Starting with the line that contains "Some of the words" and ending with the last line of the listing, print each line exactly. Pictures stay out.

→ Data provided
********

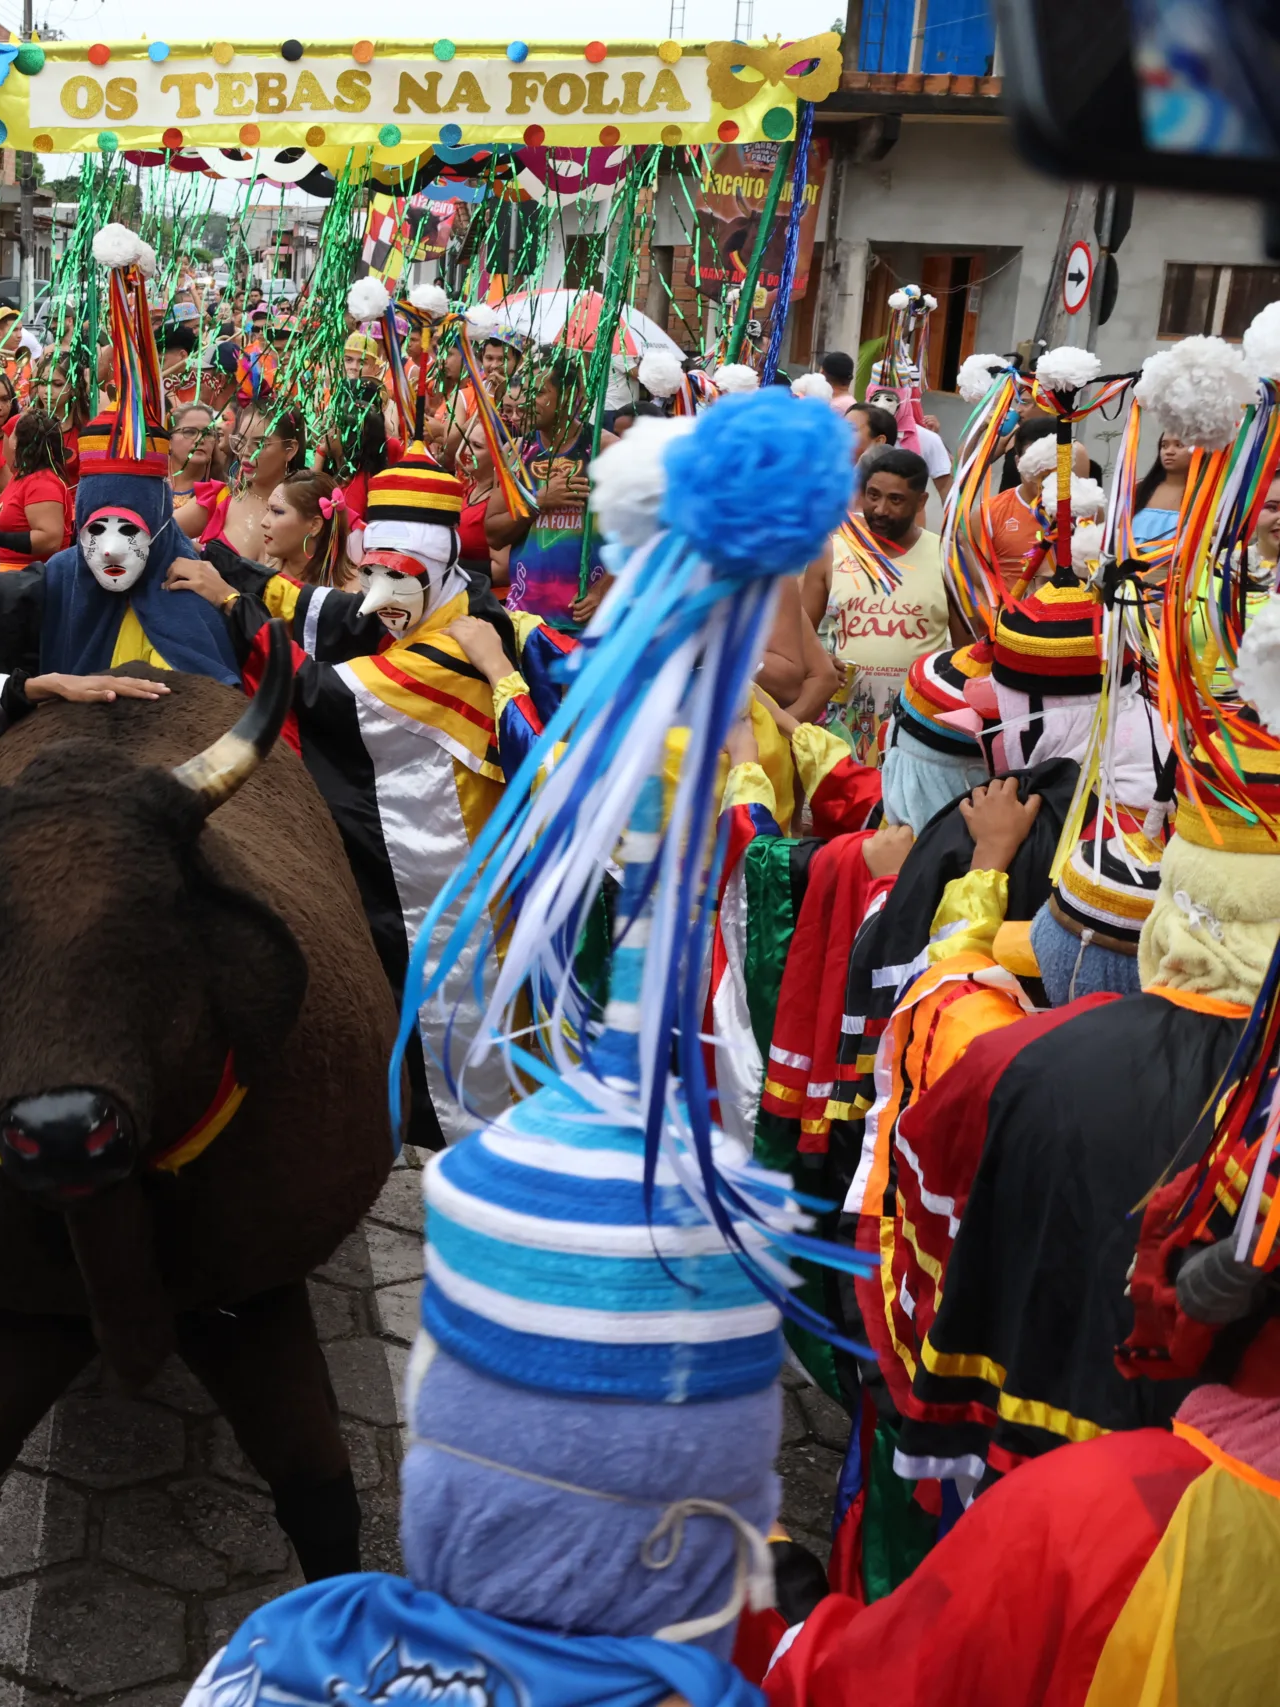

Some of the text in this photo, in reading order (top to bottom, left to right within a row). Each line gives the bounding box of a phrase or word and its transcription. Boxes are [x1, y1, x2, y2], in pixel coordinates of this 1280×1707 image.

[60, 68, 692, 120] OS TEBAS NA FOLIA
[704, 170, 765, 199] Faceiro
[551, 514, 583, 529] FOLIA
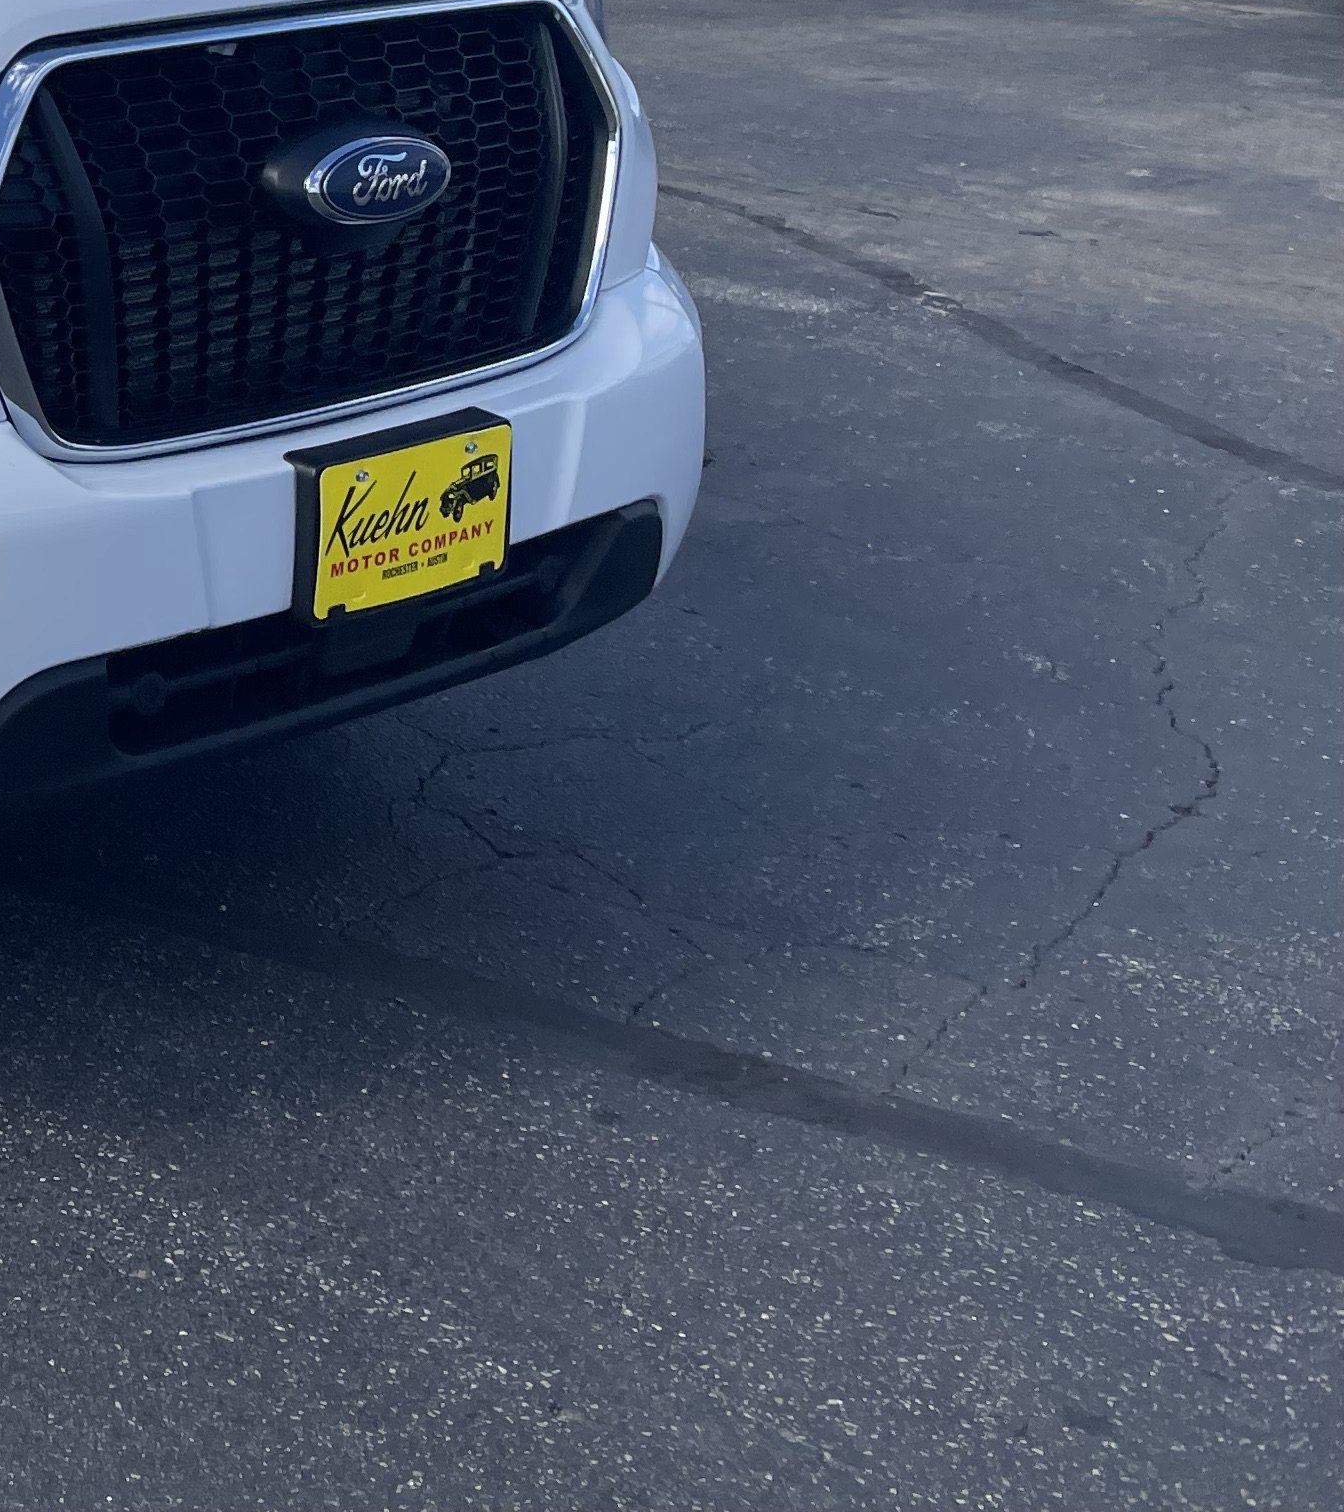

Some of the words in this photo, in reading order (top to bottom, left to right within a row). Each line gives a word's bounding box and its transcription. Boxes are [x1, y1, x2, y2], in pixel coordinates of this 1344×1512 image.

[352, 151, 428, 206] Ford
[325, 470, 430, 558] Kuehn
[330, 548, 400, 578] MOTOR
[408, 519, 495, 557] COMPANY
[382, 561, 419, 581] ROCHESTER
[427, 552, 449, 568] AUSTIN
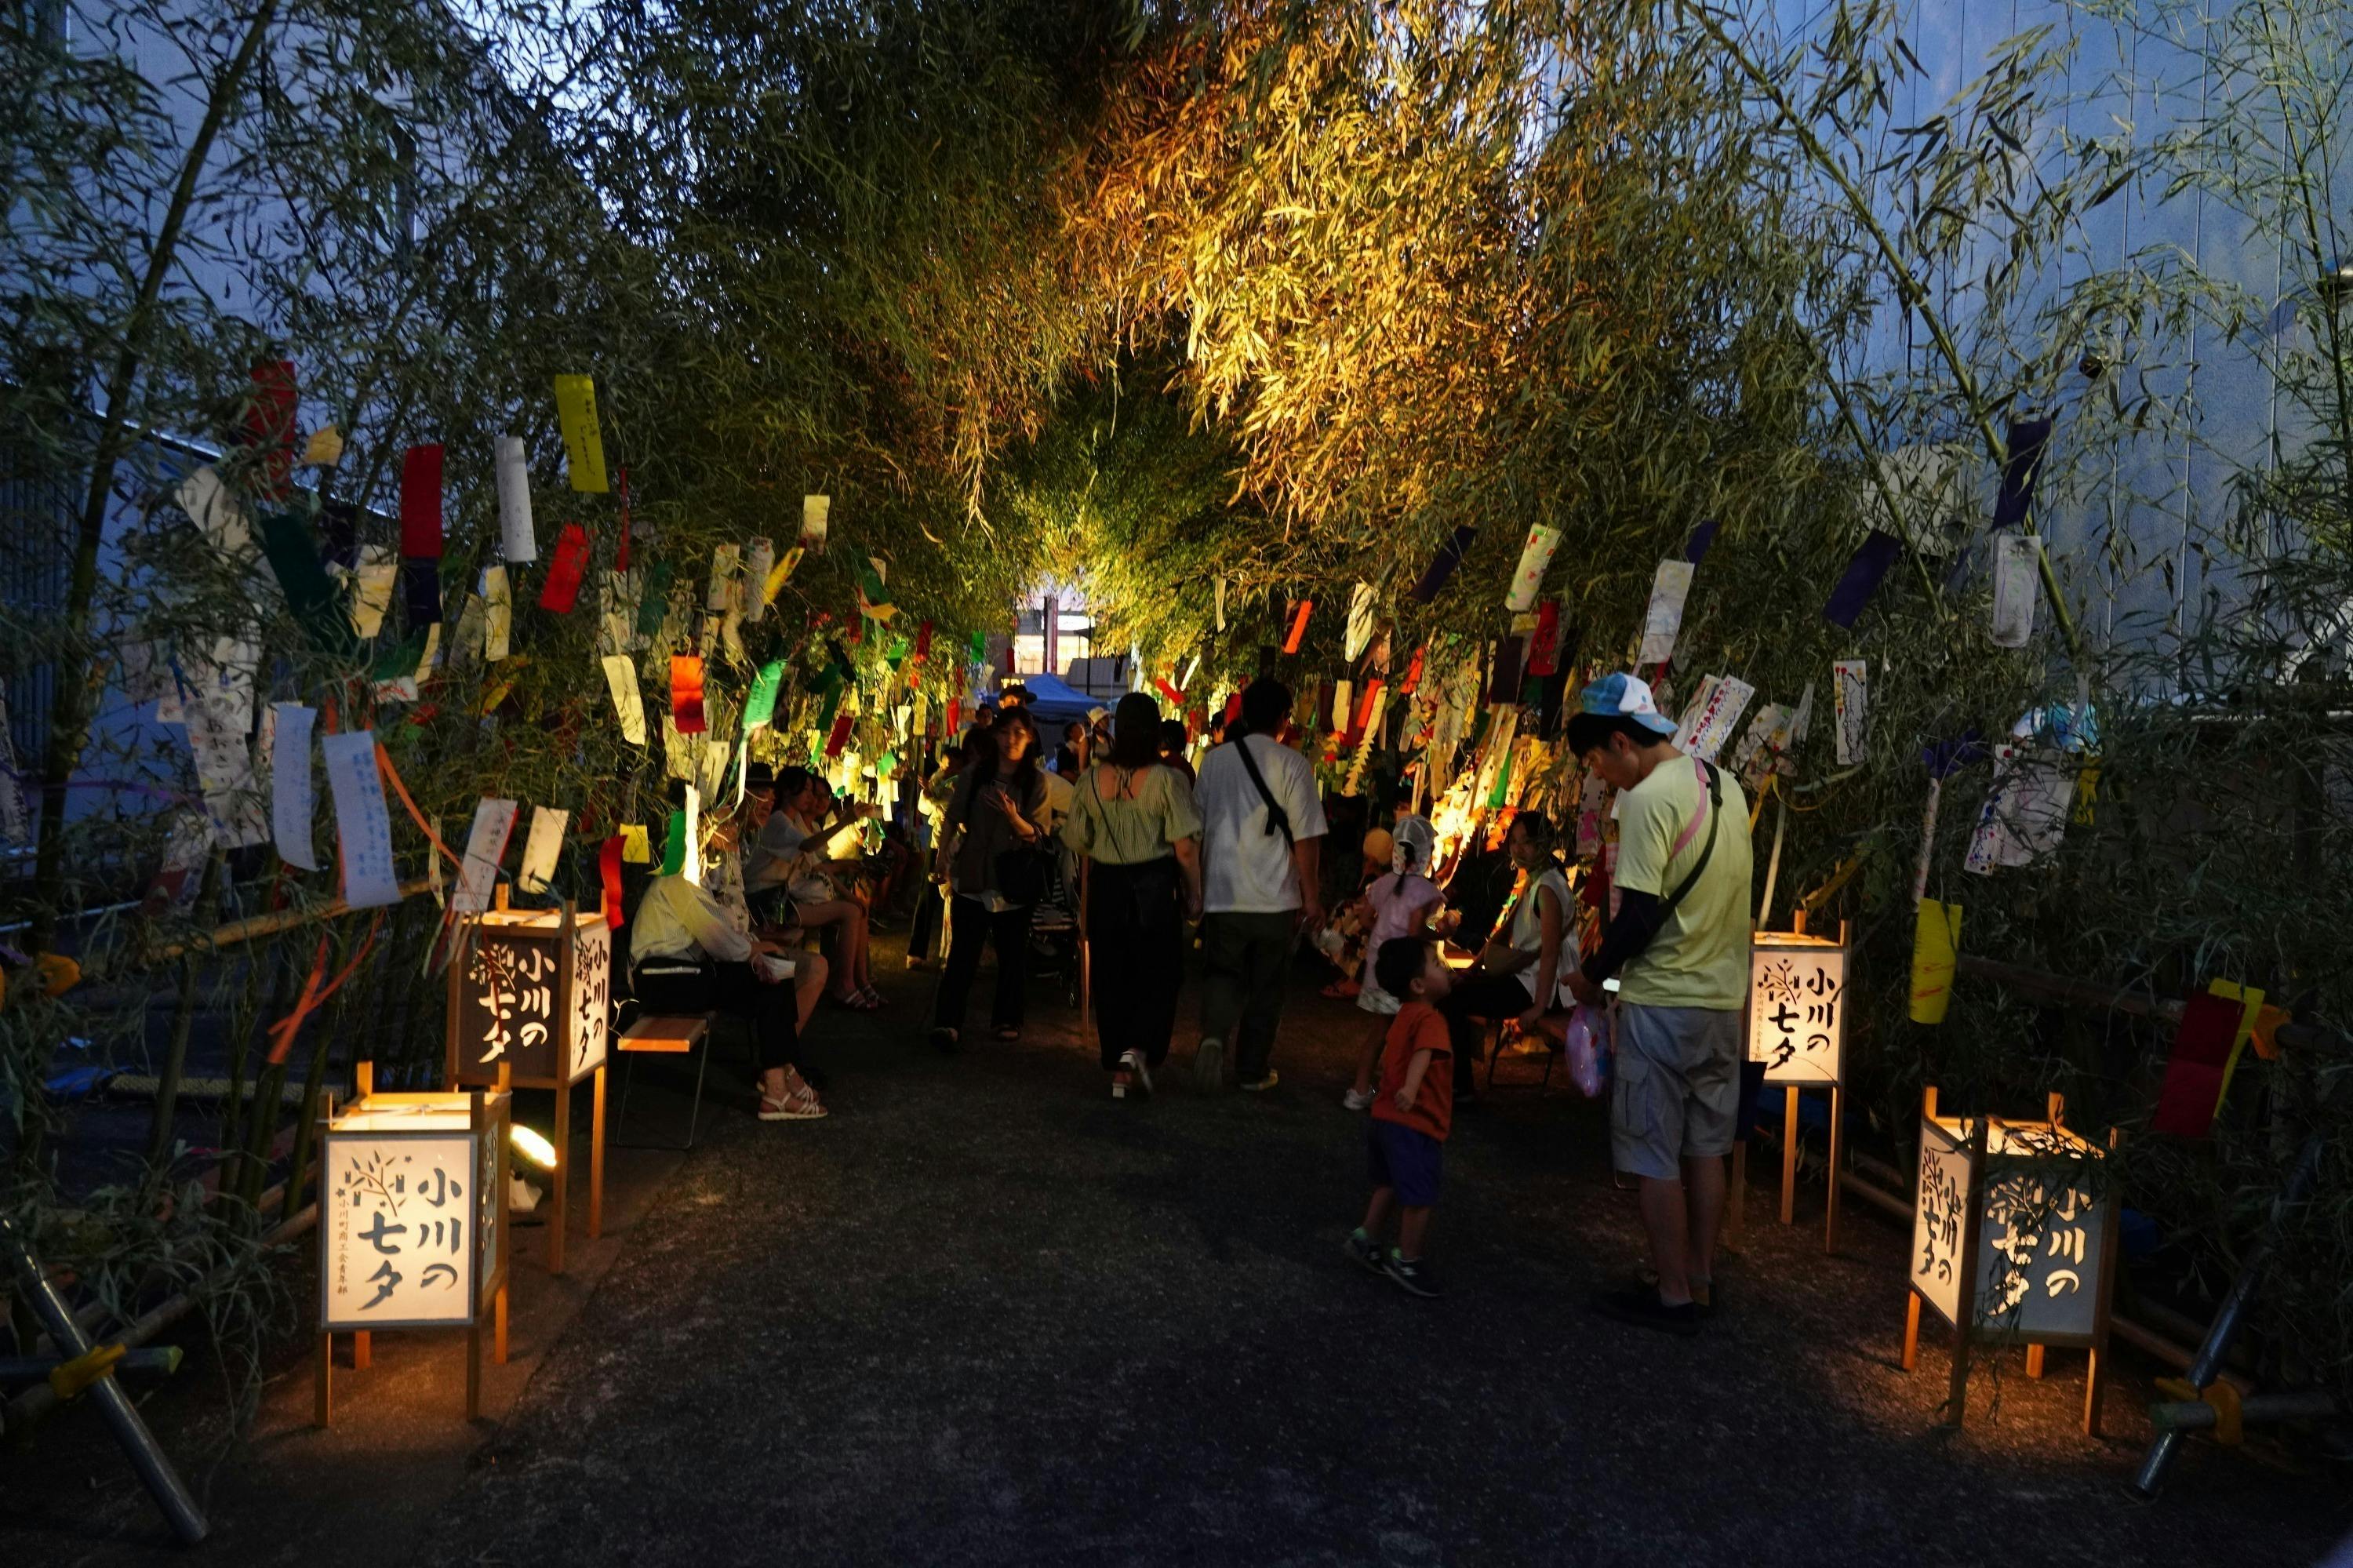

********

→ Task solution
Some of the words in this photo, in reading order (top to bottom, left to right within a row). Each line gives a word's bounding box and its transcription. Boxes are [x1, y1, x2, y2], in pixel coordinates of this 1344×1512 image.

[352, 151, 428, 206] Ford
[325, 470, 430, 558] Kuehn
[330, 548, 400, 578] MOTOR
[408, 519, 495, 557] COMPANY
[382, 561, 419, 581] ROCHESTER
[427, 552, 449, 568] AUSTIN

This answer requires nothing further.